A new scientific review from the University of California-Davis reports that the performance and health of food-producing animals consuming genetically engineered feed, first introduced 18 years ago, has been comparable to that of animals consuming non-GE feed. Scientific studies have detected no differences in the nutritional makeup of the meat, milk or other food products derived from animals that ate genetically engineered feed, the review study found.

The review, led by UC-Davis animal scientist Alison Van Een­ennaam, examined nearly 30 years of livestock-feeding studies that represent more than 100 billion animals.

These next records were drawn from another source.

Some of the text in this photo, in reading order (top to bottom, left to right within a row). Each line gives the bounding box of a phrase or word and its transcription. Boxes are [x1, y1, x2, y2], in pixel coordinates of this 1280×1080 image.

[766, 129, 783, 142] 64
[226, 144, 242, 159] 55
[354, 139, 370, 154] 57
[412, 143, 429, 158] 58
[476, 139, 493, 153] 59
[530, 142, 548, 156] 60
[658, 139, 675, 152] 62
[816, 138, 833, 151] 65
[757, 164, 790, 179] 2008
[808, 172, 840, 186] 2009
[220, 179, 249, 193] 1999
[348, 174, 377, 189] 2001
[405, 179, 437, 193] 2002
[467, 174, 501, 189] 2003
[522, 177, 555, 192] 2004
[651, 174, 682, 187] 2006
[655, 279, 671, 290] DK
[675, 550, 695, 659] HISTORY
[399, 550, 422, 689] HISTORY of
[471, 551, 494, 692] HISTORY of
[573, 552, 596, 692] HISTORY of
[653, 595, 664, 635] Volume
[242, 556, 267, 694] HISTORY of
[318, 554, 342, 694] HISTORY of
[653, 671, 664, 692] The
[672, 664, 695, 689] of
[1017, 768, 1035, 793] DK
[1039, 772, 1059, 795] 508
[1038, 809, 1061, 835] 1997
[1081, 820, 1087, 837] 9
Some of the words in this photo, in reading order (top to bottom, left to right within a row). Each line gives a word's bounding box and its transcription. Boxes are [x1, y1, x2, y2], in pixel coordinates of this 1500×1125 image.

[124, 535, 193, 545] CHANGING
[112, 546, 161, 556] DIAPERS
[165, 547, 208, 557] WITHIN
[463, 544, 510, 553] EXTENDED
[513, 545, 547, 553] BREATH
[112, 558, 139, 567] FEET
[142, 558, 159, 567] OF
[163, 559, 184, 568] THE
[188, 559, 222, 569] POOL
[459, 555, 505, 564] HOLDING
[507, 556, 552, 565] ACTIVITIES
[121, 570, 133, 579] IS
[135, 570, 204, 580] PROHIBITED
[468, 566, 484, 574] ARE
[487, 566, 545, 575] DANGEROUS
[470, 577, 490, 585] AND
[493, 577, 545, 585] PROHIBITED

“Studies have continually shown that the milk, meat and eggs derived from animals that have consumed GE feed are indistinguishable from the products derived from animals fed a non-GE diet,” Van Eenennaam said.  “Therefore, proposed labeling of animal products from livestock and poultry that have eaten GE feed would require supply-chain segregation and traceability, as the products themselves would not differ in any way that could be detected.”

Food-producing animals such as cows, pigs, goats, chickens and other poultry species now consume 70 to 90 percent of all genetically engineered crops, according to the UC-Davis review. In the United States alone, 95 percent of food-producing animals consume feed that contains genetically engineered ingredients.

Sync biotech approvals

Now that a second generation of genetically engineered crops that have been optimized for livestock feed is on the horizon, there is a pressing need to internationally harmonize the regulatory framework for these products, she said. “To avoid international trade disruptions, it is critical that the regulatory approval process for genetically engineered products be established in countries importing these feeds at the same time that regulatory approvals are passed in the countries that are major exporters of animal feed,” Van Eenennaam said.